In days gone by, the lady of the house — unsurprisingly, most house-cleaning in Israel was and is done by women — would “raise the house”, literally upending all furniture and more or less flooding the house so as to do a proper sponja.

Ah, sponja! How to explain the concept? To the outside observer, doing sponja may seem like taking a sopping wet rag, flinging it over a sponjador — a giant squeegee on a stick — and then flinging it madly back and forth across the endless surface of 20 cm by 20 cm balatot.

But no. Doing a proper sponja is what separates the men from the boys — surprisingly, many Israeli men take great pride in their sponja technique — knowing just how much to wring out the rag on the first pass, how to wrap it around the squeegee so that it doesn’t fall off, and of course, how to wipe the floor on the last pass so as to leave no streaks.

Sponja is so much a part of being Israeli that no one has ever thought seriously to change this system, generally considered the only way to get floors really clean, far superior to new-fangled methods like mops, Swiffers and Dyson vacuum cleaners (now advertising heavily in time for the holiday).

Of course, all of this would be meaningless without the holiest of holy waters, the apex of all that is clean, that which burns your nasal passages and lungs, and leaves you feeling that you’ve truly sacrificed yourself on the altar of hygiene: economica, known to the outside world as bleach.

Economica is a cult – either you’re in or you’re out. If you’re in, you can’t go to bed at night without a few splashes in the sink, the tub, the shower, the whatever — just to kill off the germs that must be lurking there. And if you’re out, you think your spouse is crazy. But I’m not. Really. Just a few more splashes. Please.

Before cream cleansers, bathroom cleanser was commonly known as cleaning sand — and with good reason, too. Not only did it leave scratch up ceramic finishes on bathtubs and sinks, it also left one’s hands red and raw, or truly clean, as pain and cleanliness must go hand in hand.

Before there was liquid dish soap, there was the old fashioned dish soap paste with the consistency — and bouquet — of axle grease.

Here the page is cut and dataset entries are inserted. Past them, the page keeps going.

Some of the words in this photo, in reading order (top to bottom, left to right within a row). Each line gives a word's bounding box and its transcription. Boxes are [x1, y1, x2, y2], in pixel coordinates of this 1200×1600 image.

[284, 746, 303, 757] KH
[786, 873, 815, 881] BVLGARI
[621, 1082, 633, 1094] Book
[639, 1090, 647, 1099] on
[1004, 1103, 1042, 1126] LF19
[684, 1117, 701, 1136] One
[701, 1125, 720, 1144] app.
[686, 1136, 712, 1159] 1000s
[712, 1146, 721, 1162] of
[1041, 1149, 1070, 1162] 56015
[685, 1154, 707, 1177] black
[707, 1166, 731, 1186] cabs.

A few handfuls would be glopped into a dish and cut with water to make it usable. Later on, special dispenser were invented to accommodate this unwieldy activity. And bizarrely enough, some people still prefer the paste to the liquid, out of a feeling that it has more cleaning action.

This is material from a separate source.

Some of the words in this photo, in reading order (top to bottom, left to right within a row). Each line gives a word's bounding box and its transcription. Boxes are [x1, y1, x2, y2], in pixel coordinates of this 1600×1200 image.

A small consumer awareness note: Those people are apparently right! A quick look at a Ministry of Finance chart on cleaning products shows that the paste has 20% active ingredients while most liquids contain between 18-24% active ingredient. I bear a personal grudge against Palmolive, which used to contain 36% active ingredient and now contains a mere 18%.

Back to cleaning! Before Persil, before Tide, before even Sano, there was Soad (or Sod, as it was written then). For some reason, in Israel it is the laundry soaps that traditionally had the best mascots: the Textil Shampo boy, the Or boy and my personal favorite, the Ama lady. As I’ve written before, she owes a great deal to Betty Boop, and in fact, could be Betty Boop — if Betty Boop were born in Poland, came over to pre-State Israel in the 1930s, got married and lived in Givatayim.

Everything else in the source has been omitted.